In the summer of 2011, I was meeting with a client in Marcy, New York at one of the “mental health” facilities within the New York Department of Corrections and Community Supervision. A Black trans woman who had survived years of violence in the “care” of multiple state systems (foster care, homeless shelters, prison), she generously shared her experiences with me during that late morning conversation — a conversation during needlessly and cruelly separated by a plexiglass partition.

Art by Micah Bazant

At the time of our meeting, this woman’s father and two siblings were also incarcerated within the New York state prison system. This, she explained matter-of-factly, was unsurprising since the prison system is designed to control and displace Black families, communities, bodies. A linear progression from chattel slavery to Jim Crow to mass incarceration, the cages of today serve the very same purposes of the plantations that built our country and its legal, social and financial systems.

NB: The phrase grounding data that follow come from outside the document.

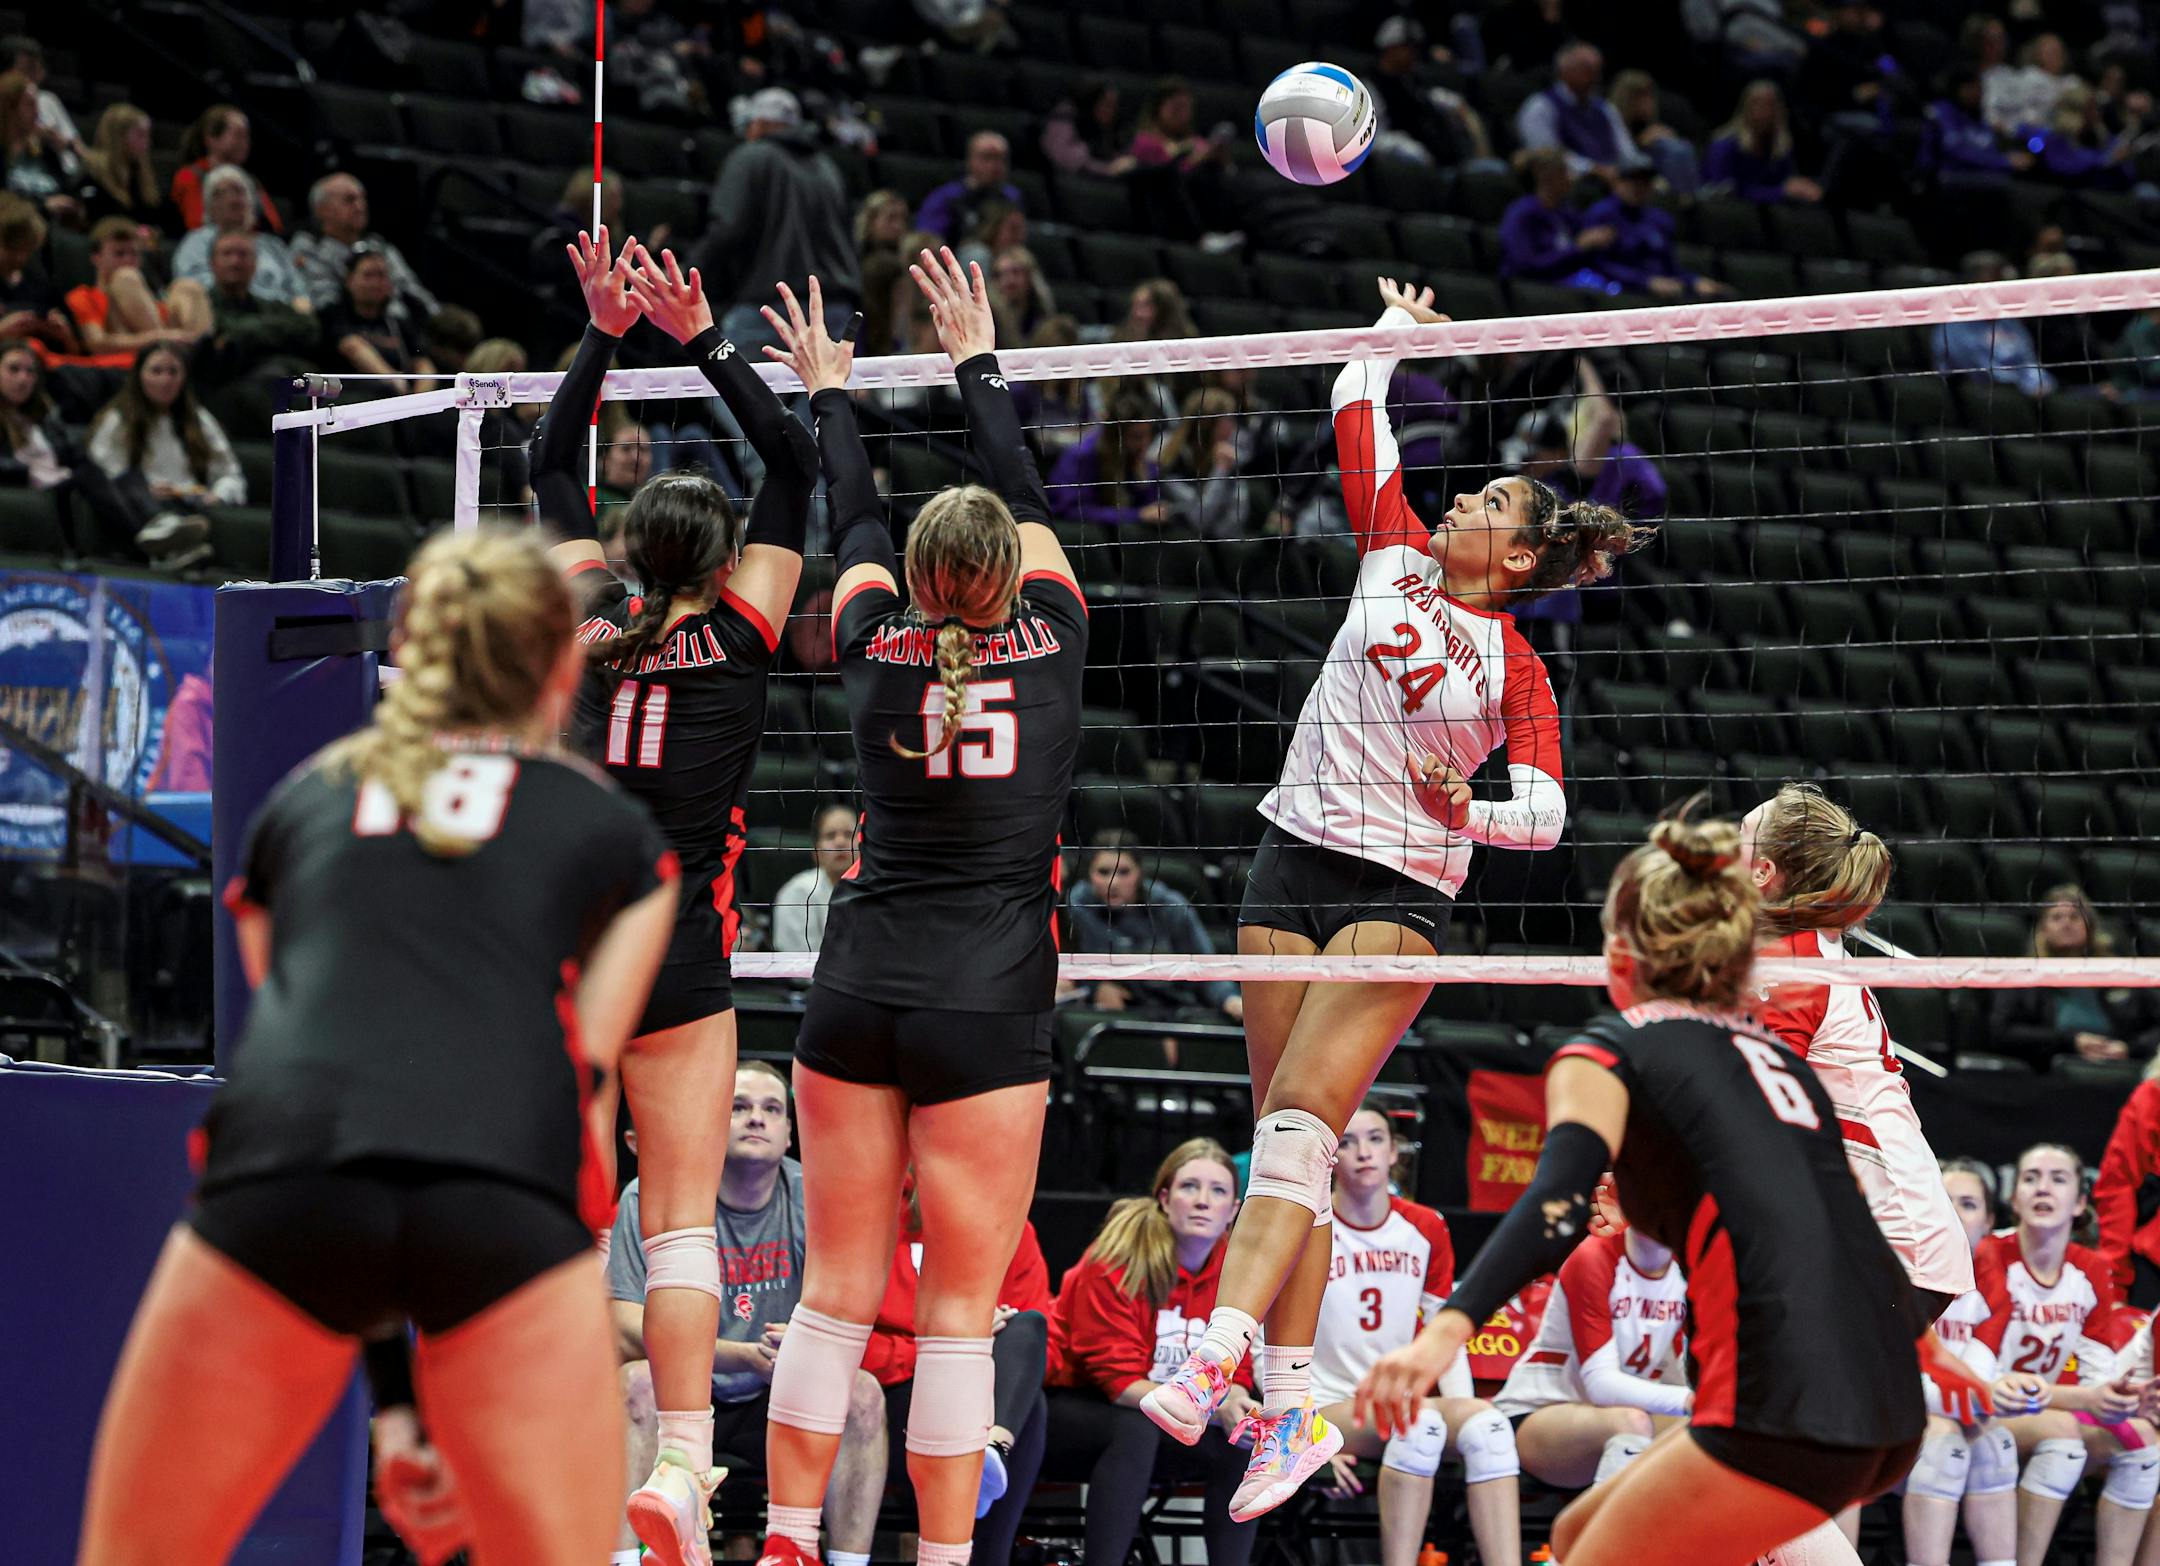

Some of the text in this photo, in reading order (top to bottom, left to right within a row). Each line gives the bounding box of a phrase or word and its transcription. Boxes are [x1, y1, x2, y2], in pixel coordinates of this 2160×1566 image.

[475, 379, 500, 388] Senoh
[1392, 573, 1437, 613] RED
[866, 615, 1061, 667] MONCELLO
[1365, 622, 1447, 716] 24
[606, 678, 670, 769] 11
[918, 677, 1019, 779] 15
[1730, 1032, 1821, 1130] 6
[1480, 1119, 1544, 1152] WEL
[1359, 1288, 1383, 1331] 3
[1626, 1333, 1653, 1375] 4
[2011, 1334, 2064, 1374] 25

We spoke during that meeting, not of her legal cases, but of resistance. She was going to spend her entire life in prison and her focus was on creating art and tools for survival. Not just for herself but for the community of people inside with her and in the free world. “My father taught me how to make eyeliner and lipstick from the items in my cell, my siblings taught me how to create art out of kool-aid packets, and I learned how to open my a window just to catch a moment of fresh air,” she explained. She shared these lessons with her siblings on the inside — her community of loved ones by birth and by choice.

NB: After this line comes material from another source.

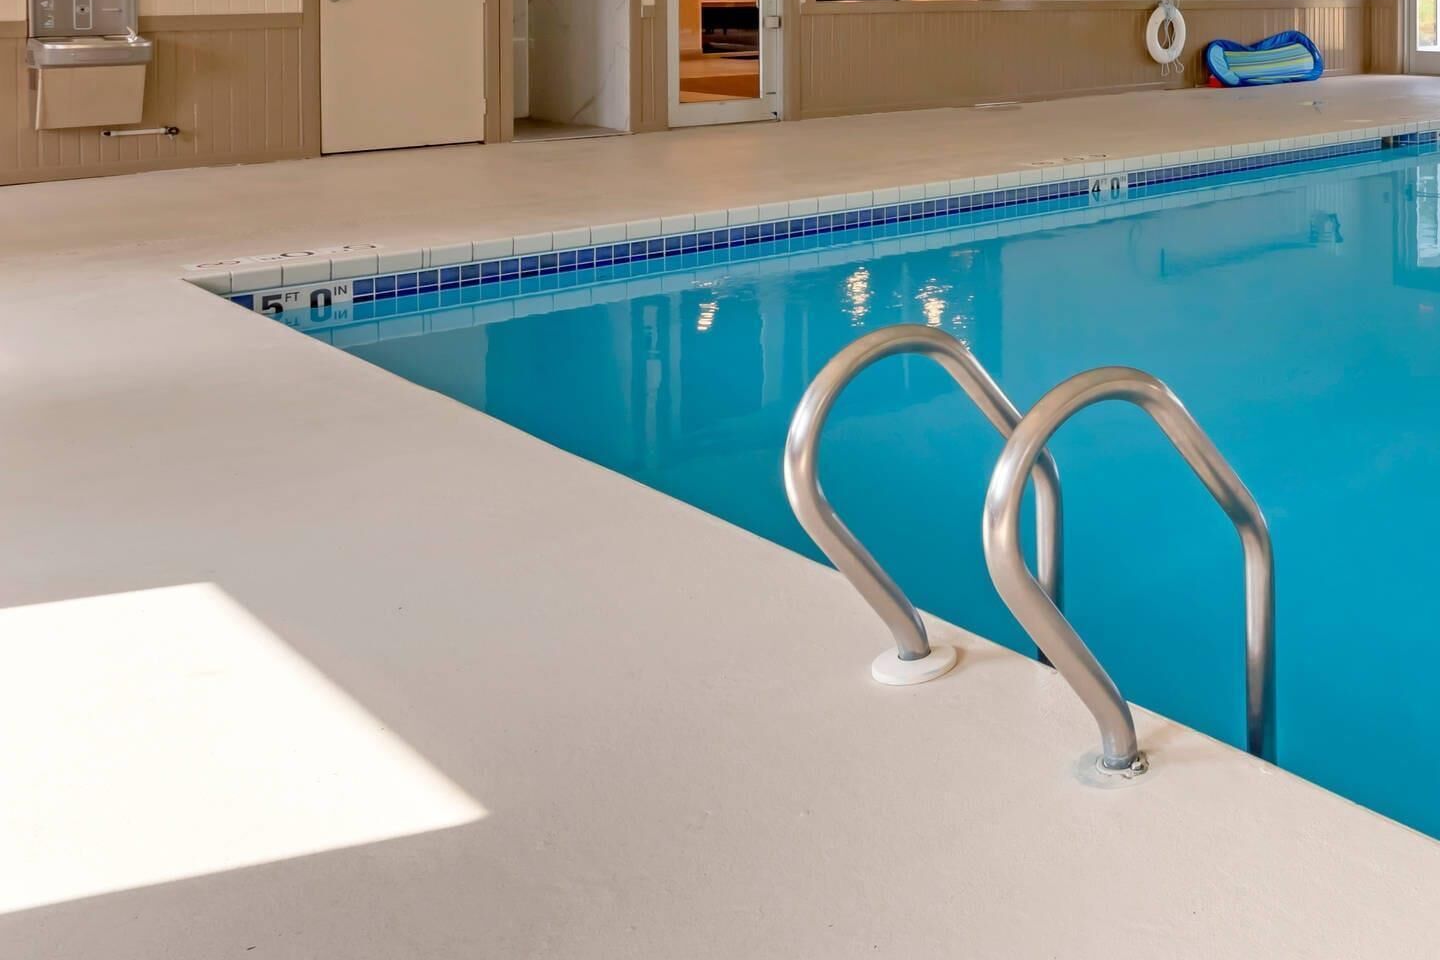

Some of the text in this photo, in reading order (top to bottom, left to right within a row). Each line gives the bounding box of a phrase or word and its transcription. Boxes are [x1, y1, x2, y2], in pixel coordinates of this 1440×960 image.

[1092, 179, 1101, 193] 4
[262, 284, 348, 318] 5 FT 0 IN
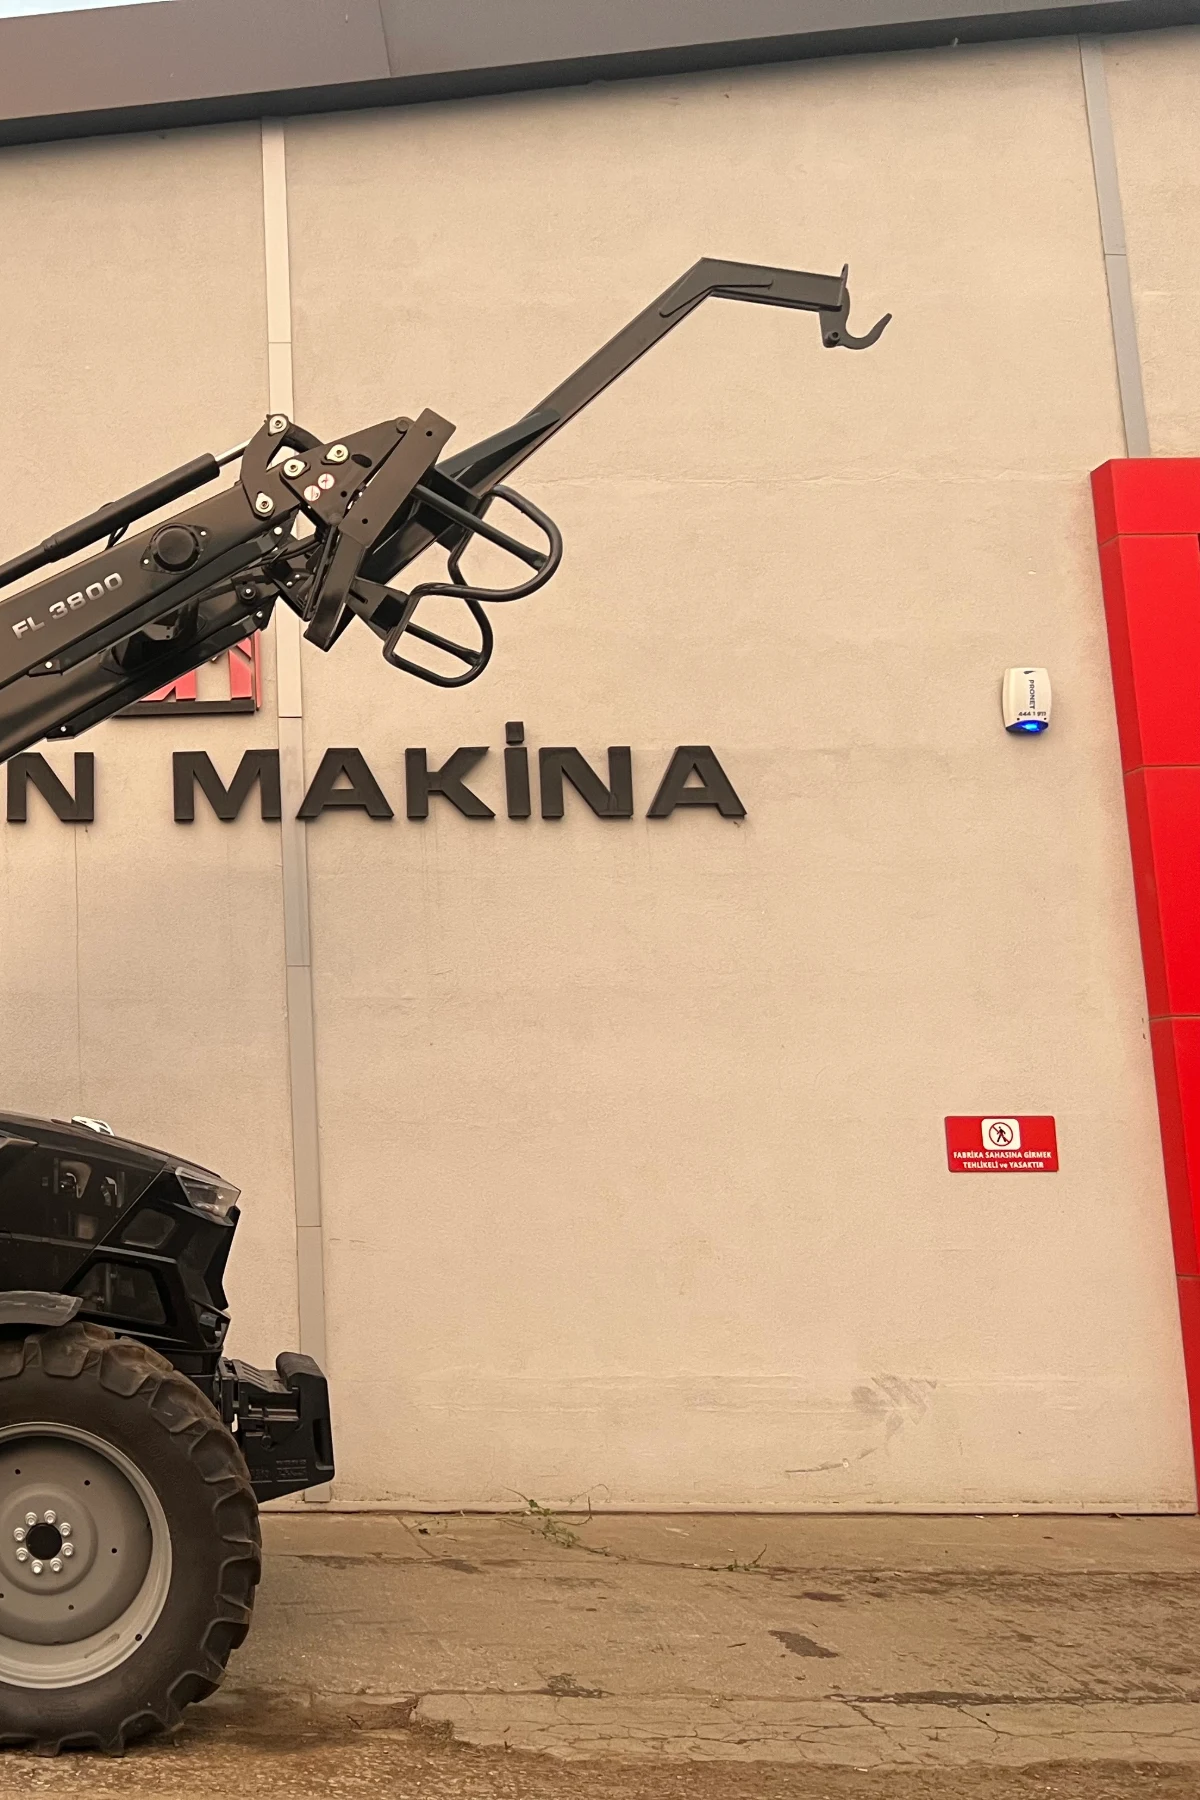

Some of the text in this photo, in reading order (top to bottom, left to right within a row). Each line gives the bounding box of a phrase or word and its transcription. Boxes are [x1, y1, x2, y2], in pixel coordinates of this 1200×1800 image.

Resistance was oxygen for her. Art was her lifeline. Solidarity was her healing.

I learned in that meeting that the tools of the law pale in comparison to the creativity and power of survival-driven resistance.

At times I am tempted to deny that I am a work inside the system person. But of course I am — being a lawyer is reformist by definition. Some of the sadness today is the product of losing the power that comes with having had access to our federal government — the President, the Department of Justice, the various federal agencies. But that access always came from having power. And the power I have is not because of my skill but rather because of my whiteness, my wealth, my resources.

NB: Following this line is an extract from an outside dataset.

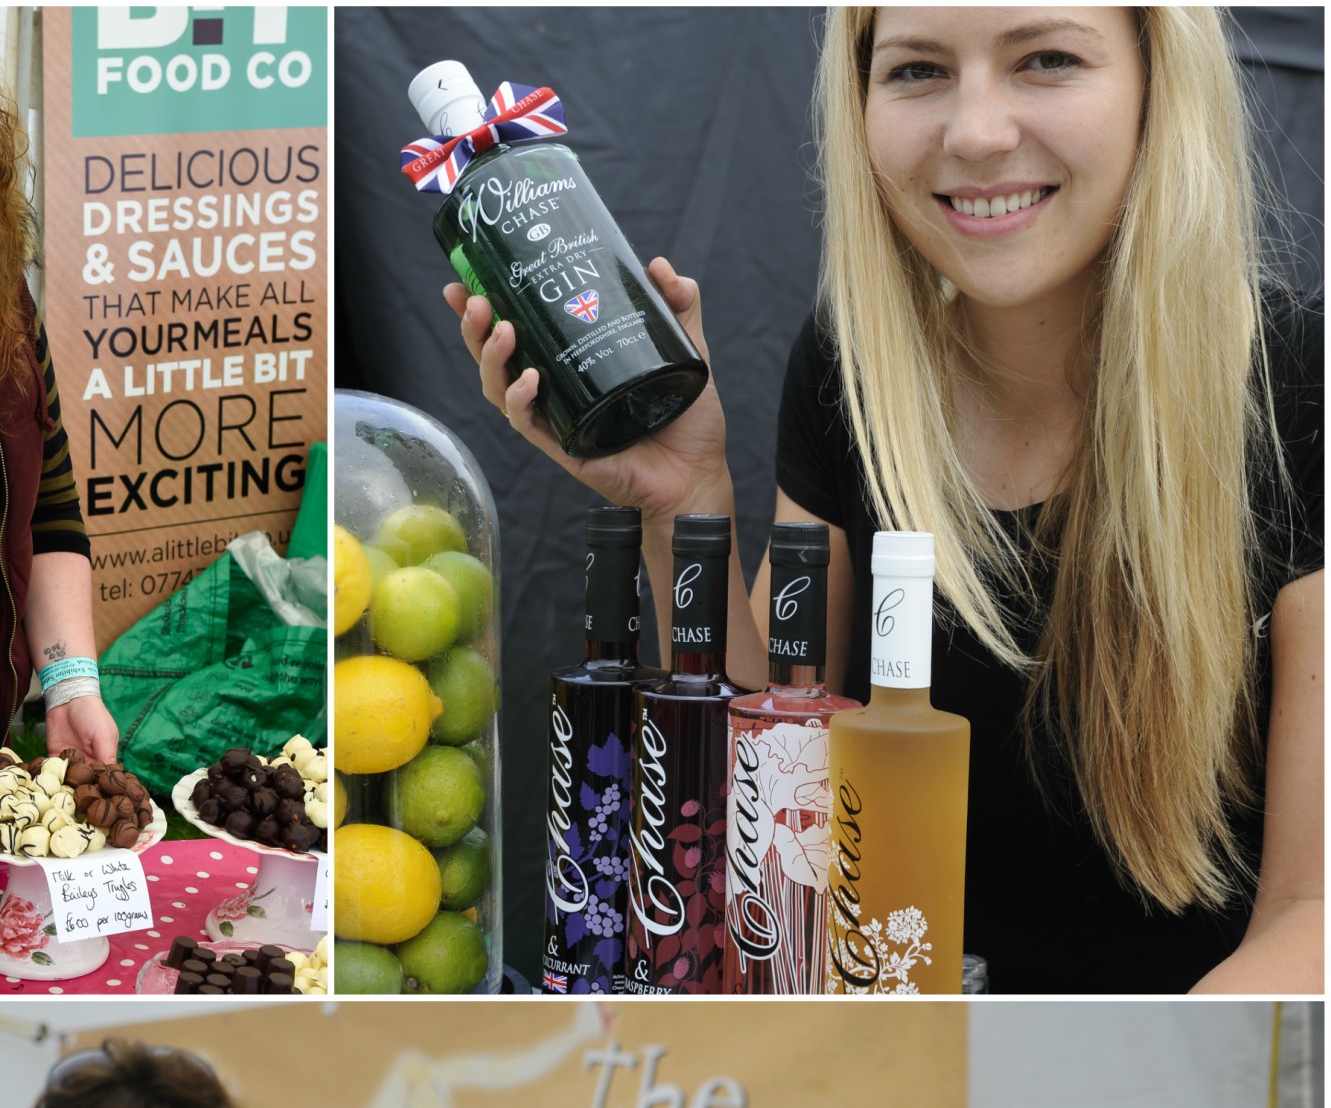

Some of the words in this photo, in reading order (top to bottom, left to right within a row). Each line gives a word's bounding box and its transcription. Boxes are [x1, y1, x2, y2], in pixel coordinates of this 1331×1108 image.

I would like to think that my having this power can create cracks in the system and breathing room for the real movements to have more space — movements and people that are transformative and visionary in ways that I will never be. Leaders like my incarcerated friends and clients who fight harder and built more with so much less. But I must remember that my role is still validated and made possible because of white supremacy and white supremacy’s most concrete machination — the legal system.

So on this Inauguration Day, I vow to resist. I vow not just to resist the policies and practices of the incoming administration but the policies and practices that have terrorized people for centuries.

I vow not to glorify the Obama years.

I vow to stay loyal to the truth that our lives and our visions are not won or lost through legal norms or legal recognition.

I vow to exploit the tools of the legal system however I can to create pathways for survival.

I vow to to share tools of survival in the form of financial resources, legal information, shelter, and love.

I vow to put my white body on the line for the Black and Brown people whose lives are at risk.

I vow to center the people detained by our carceral systems — both those systems that are explicitly punitive and those that are allegedly protective.

I vow to, as Muslim-Iranian author Hoda Katebi urged, “[c]onsume what lights [my] soul on fire.”

I vow to be kind and joyous and creative.

I vow to dream and strive for whatever seems impossible.

Congress has been sworn in, state legislatures are in session. In an hour Trump will be President. We will no doubt see the escalation of anti-trans, anti-Black, anti-immigrant, anti-woman, anti-Muslim, anti-disability rhetoric and policy making. This will build on centuries of that rhetoric. But we have the tools to fight this, to dream transformative dreams and to resist repressive power structures. If you need anything I am here, I am following the guiding visions of our elders and our youth who have created extra-legal survival communities for years. We will lose forward, love each other, and fight for our lives.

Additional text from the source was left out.